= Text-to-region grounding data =
◇ ◇ ◇ ◇ ◇
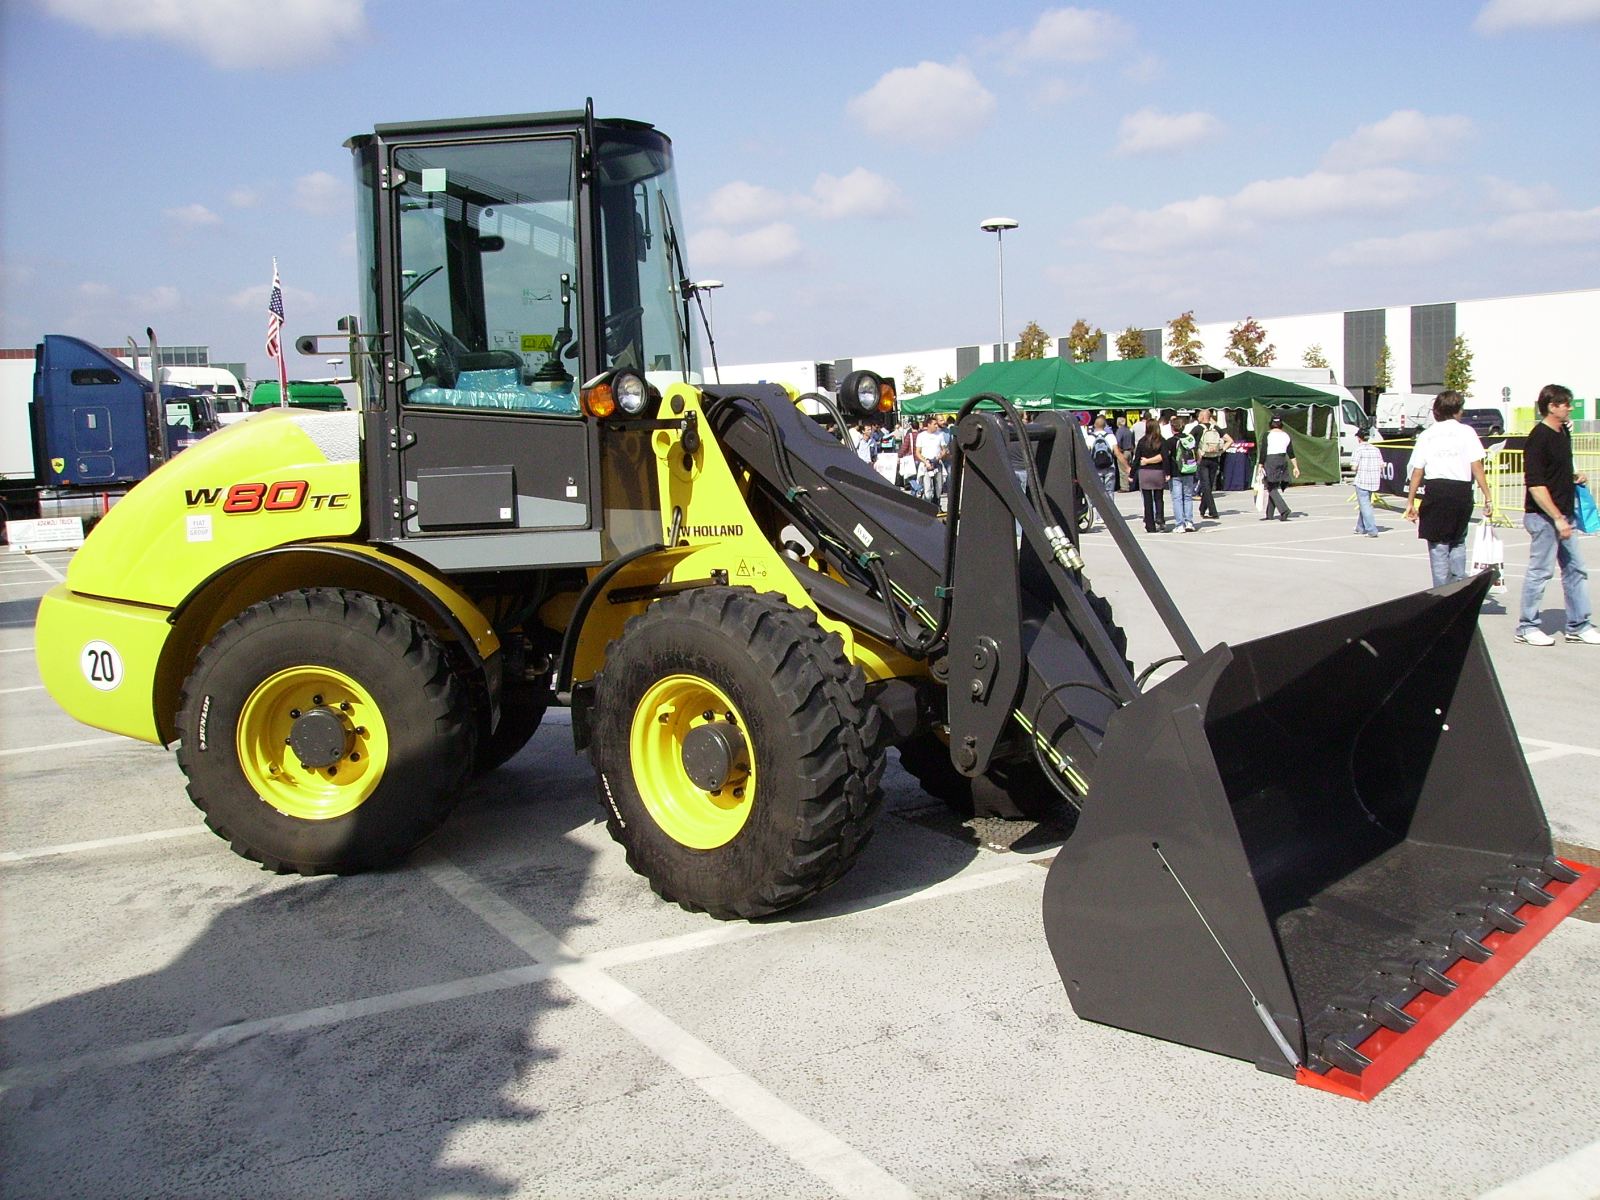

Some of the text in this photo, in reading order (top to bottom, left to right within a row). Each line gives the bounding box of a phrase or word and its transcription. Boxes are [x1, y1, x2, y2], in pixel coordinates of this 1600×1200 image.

[667, 524, 743, 537] NW HOLLAND
[88, 649, 114, 682] 20
[199, 695, 210, 742] DUNLOP
[601, 773, 622, 820] DUNLOP
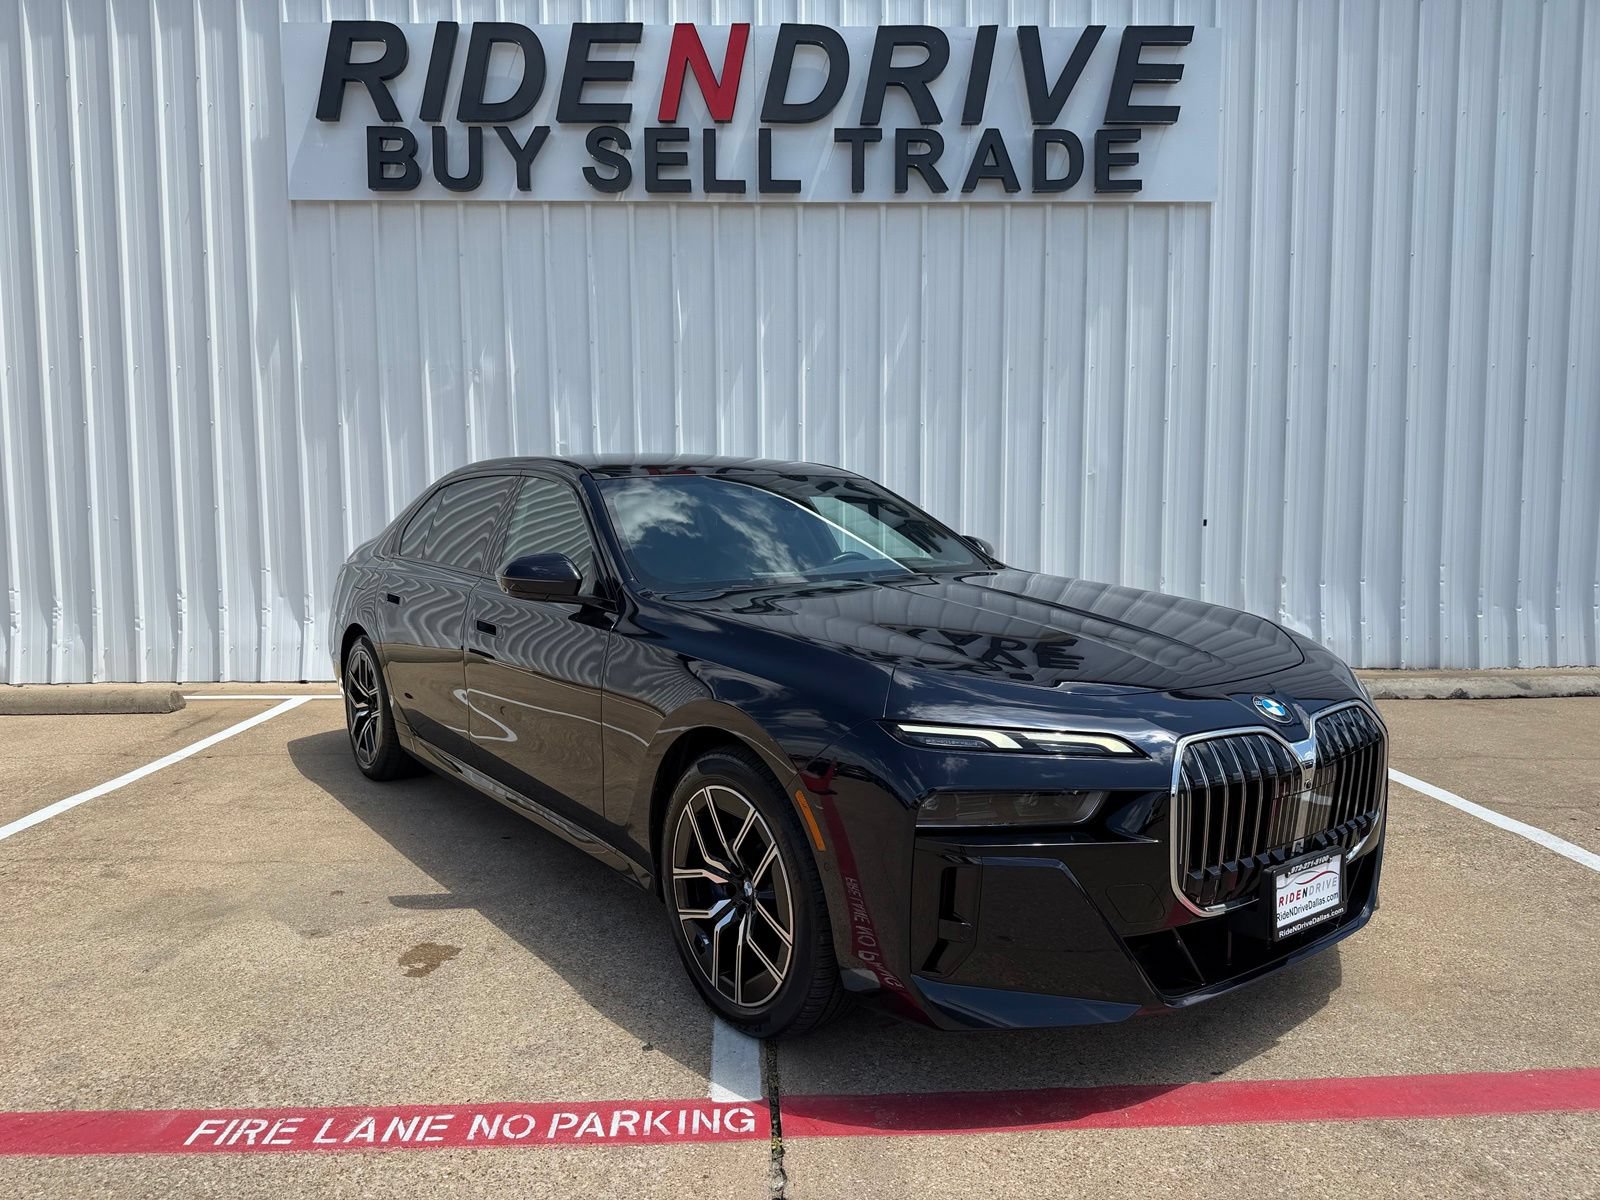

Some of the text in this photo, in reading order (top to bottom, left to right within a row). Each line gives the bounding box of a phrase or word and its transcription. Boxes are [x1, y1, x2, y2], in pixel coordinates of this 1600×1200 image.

[316, 20, 1195, 126] RIDENDRIVE
[366, 125, 1143, 194] BUY SELL TRADE
[1277, 892, 1339, 922] RideNDriveDallas.com
[1278, 876, 1338, 908] RIDENDRIVE
[1278, 907, 1345, 939] RideNDriveDallas.com
[183, 1107, 756, 1146] FIRE LANE NO PARKING
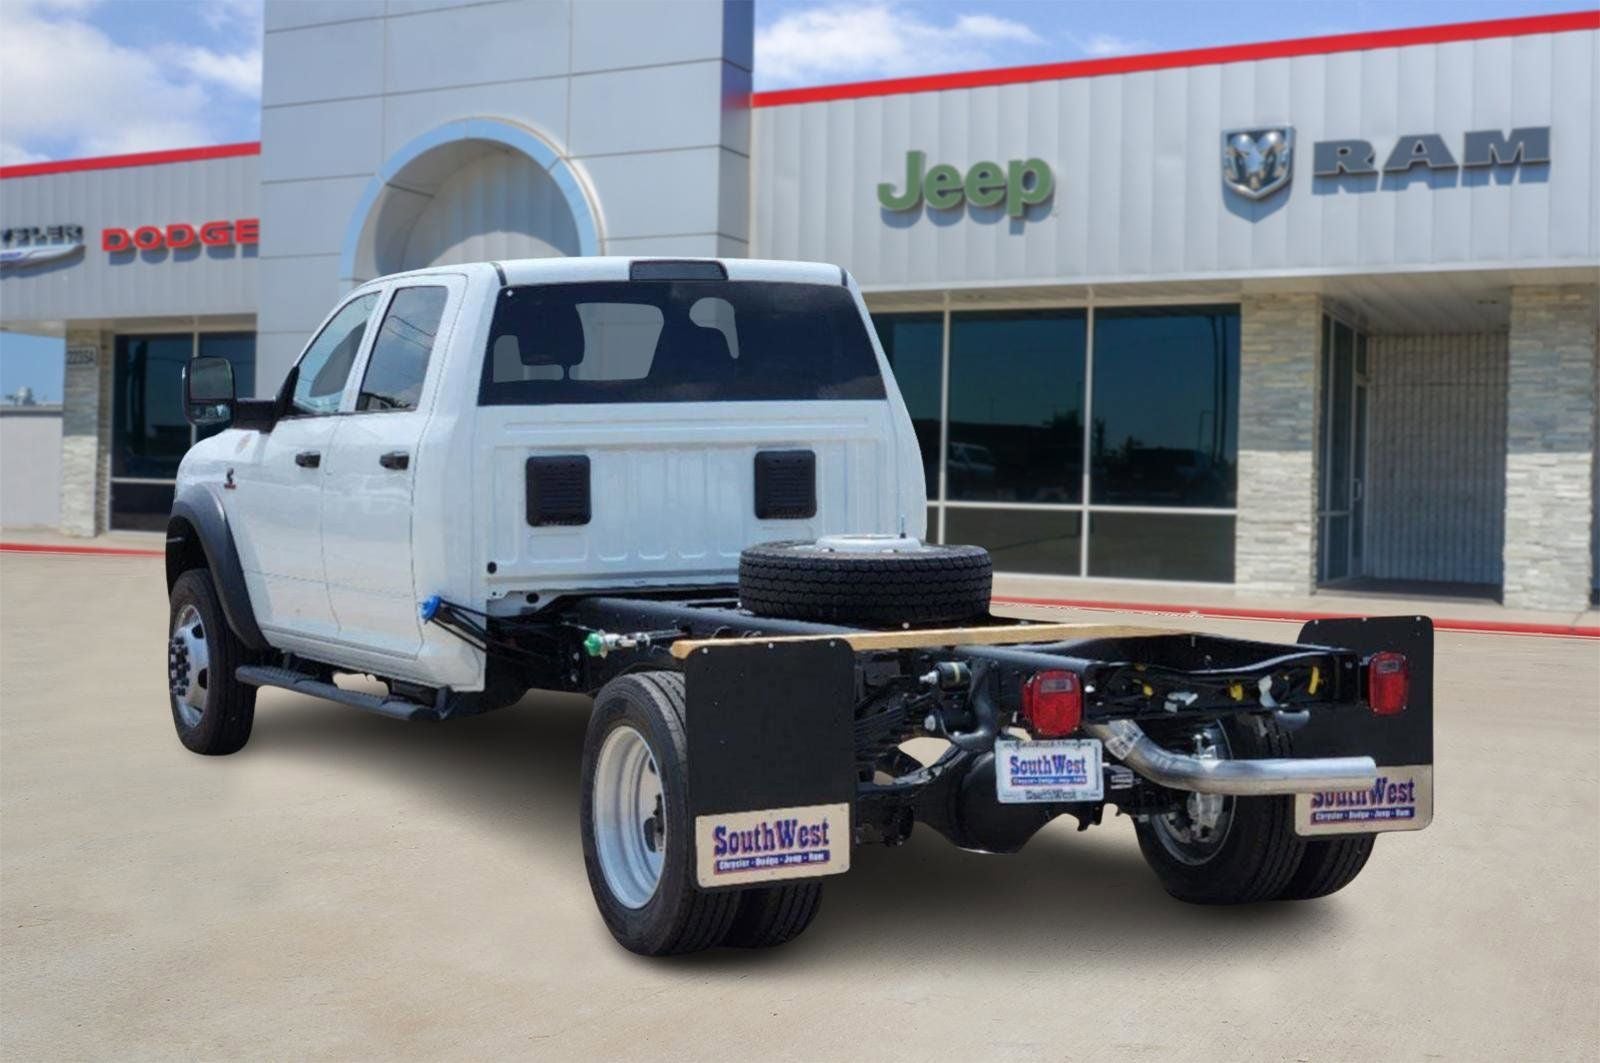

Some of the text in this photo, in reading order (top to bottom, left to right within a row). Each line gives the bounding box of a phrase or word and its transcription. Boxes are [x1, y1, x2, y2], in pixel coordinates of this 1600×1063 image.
◇ ◇ ◇ ◇ ◇
= WHAT TO WORK ON =
The expected output is each entry given again word for word, with pictures dropped.

= TASK SOLUTION =
Some of the text in this photo, in reading order (top to bottom, left to right within a row). Each line gives the bounding box of a phrase or word and its transcription. Boxes are [x1, y1, x2, y2], in pixel coordinates of this 1600×1200 image.

[667, 524, 743, 537] NW HOLLAND
[88, 649, 114, 682] 20
[199, 695, 210, 742] DUNLOP
[601, 773, 622, 820] DUNLOP

Some of the text in this photo, in reading order (top to bottom, left to right within a row). Each line gives the bounding box of a phrase or word and its transcription. Boxes are [x1, y1, x2, y2], in pixel coordinates of this 1600×1200 image.

[316, 20, 1195, 126] RIDENDRIVE
[366, 125, 1143, 194] BUY SELL TRADE
[1277, 892, 1339, 922] RideNDriveDallas.com
[1278, 876, 1338, 908] RIDENDRIVE
[1278, 907, 1345, 939] RideNDriveDallas.com
[183, 1107, 756, 1146] FIRE LANE NO PARKING

Some of the text in this photo, in reading order (top to bottom, left to right within a row). Each line gives the bounding box of a phrase or word and its transcription. Boxes are [x1, y1, x2, y2], in pixel coordinates of this 1600×1063 image.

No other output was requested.